Discovery of the body

[4] The body of the deceased, George (or "Dod") Simpson was found in
Exchange Lane, Aberdeen at or about 00.35 on 17 March 2001. The deceased was covered in blood. His pockets had been turned inside out. Later analysis of the deceased's clothing disclosed damage to two pockets consistent with someone trying to get something out those pockets.

Deceased's injuries

[5] The deceased had sustained multiple stab wounds: (1) a stab wound to the right side of the chest which penetrated the lung and the aorta; (2) two stab wounds to the right side of the upper abdomen which penetrated the liver and gall bladder; (3) a stab wound on the right forearm towards the elbow; (4) a relatively superficial small sharp force injury on the back; and (5) a trivial incised wound on the surface of the left hand. The wounds to the abdomen were above the trouser belt and seemed to go upwards. The deceased had also sustained serious blunt force injuries principally involving the head. There was a constellation of features (petechial haemorrhages, a fabric pattern and small marks over the right jaw) which raised the possibility of partial or attempted strangulation as part of a sustained assault on the deceased. There were no defensive injuries. The deceased had died as a result of the stab wounds to his chest and abdomen. The pattern of the stab wounds suggested that they had been inflicted while the deceased was unable to move, either because he was unconscious or because he was being held. The signs of strangulation were consistent with the deceased being held by an arm across his throat, or by his own clothing being pulled backwards.


[6] The deceased was a well built man, and a former boxer. He had ingested a moderate amount of alcohol. Although traces of drugs were found, no drug was active in his blood system at the time. That evening, the deceased had a considerable amount of money on him, possibly £200 or more.

The locus

[7]
Exchange Lane is an unlit lane which runs between Hadden Street at the north and Trinity Lane in the south. In the vicinity are a number of bars, including Rabbie's Bar in Hadden Street, the Snuggery and the St Andrews in Market Street, and the Metro Hotel, also in Market Street.

CCTV evidence

[8] CCTV footage included the following sequences. At or about 22.55, two figures were seen on
Hadden Street. One was wearing a long dark jacket (consistent with that which the co-accused Kennedy was seen wearing that evening) and the other a beige or brown jacket with a light collar (consistent with that worn by the appellant). At or about 23.02, the figure wearing the long dark coat was seen coming out of Exchange Lane into Trinity Lane. The figure had dark hair which appeared to be pulled back into a pony tail (consistent with the co-accused Kennedy's appearance). The figure was seen to go into Ship Row, and appeared to put something in his pocket. There was CCTV evidence that this person followed a route up Ship Row, on to Union Street, down Adelphi Lane and on to Market Street. At or about 23.05, the male with the light jacket was seen coming out of Exchange Lane at the Hadden Street end, and walking east on Hadden Street.

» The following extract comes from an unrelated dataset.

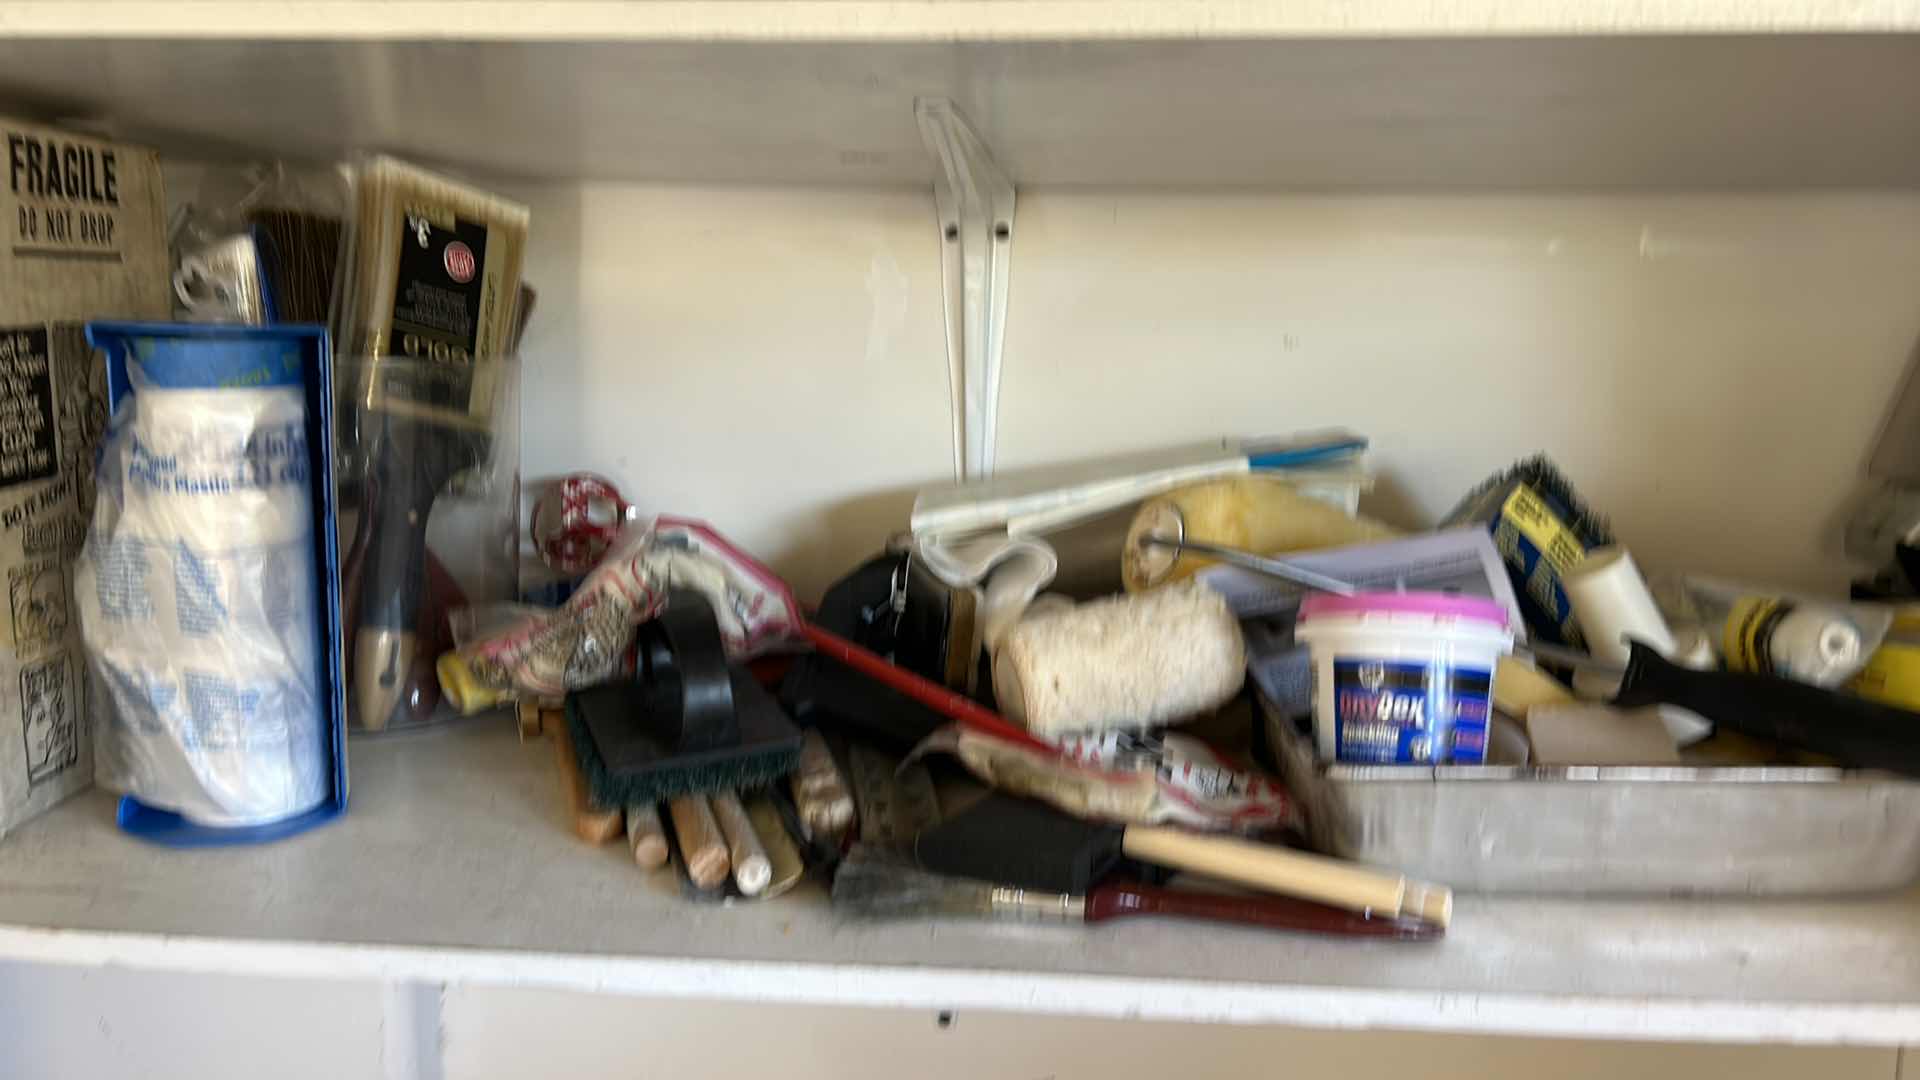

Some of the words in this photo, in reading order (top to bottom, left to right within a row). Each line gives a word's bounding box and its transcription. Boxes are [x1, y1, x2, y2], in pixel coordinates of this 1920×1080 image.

[8, 131, 120, 206] FRAGILE
[18, 204, 37, 241] DO
[46, 206, 72, 244] NOT
[80, 209, 114, 248] DROP

[9] The appellant gave evidence to the effect that the two figures seen in the CCTV footage emerging from either end of
Exchange Lane were himself and the co-accused Kennedy. He also gave evidence to the effect that he was present in Exchange Lane when, according to him, the deceased was attacked by the co-accused with a knife.

Forensic evidence

[10] Small bloodstains (later analysed for DNA and shown to match the deceased's blood) were found between the body of the deceased and the Hadden Street entrance to Exchange Lane, which could have been the result of a person with footwear wet with blood having walked from the area of the deceased's body towards Hadden Street.


[11] The blade of a knife, Label 43, without its handle, was found hidden under a pile of cobblestones between the body and the
Hadden Street entrance to the lane. Blood smearing on the blade was analysed and shown to be of the deceased's DNA type. The knife also had textile fragments consistent with the deceased's clothing.


[12] Another knife, Label 61, was found on a landing at the Metro Hotel. There was light blood smearing on the blade and hilt of this knife. Both sides of the blade were contact stained with blood. This was subjected to DNA analysis and also shown to be of the deceased's type.


[13] The stab wounds to the deceased could have been caused by the same instrument, or by two or more similar instruments. Label 43 could have been responsible for all or any of the stab wounds sustained by the deceased. Label 61 could also have been responsible for all or any of the stab wounds sustained by the deceased. Both knives could have caused the cuts to the deceased's clothing. The blunt force injuries sustained by the deceased could have been caused by kicking and stamping. A trainer-shod foot could have caused such injuries.


[14] Label 94 was a knife handle. It was found in a wheelie bin in
Adelphi Lane. Wound round it was pink Elastoplast tape. It fitted the blade, Label 43. There was evidence that the tape wound round the handle had been cut from a roll of Elastoplast which was found at 26 Elphinstone Court, the home of the co-accused Kennedy. Another knife with a similar binding round the handle (Label 103) was found at 26 Elphinstone Court. The deceased's mobile phone was also found in Adelphi Lane.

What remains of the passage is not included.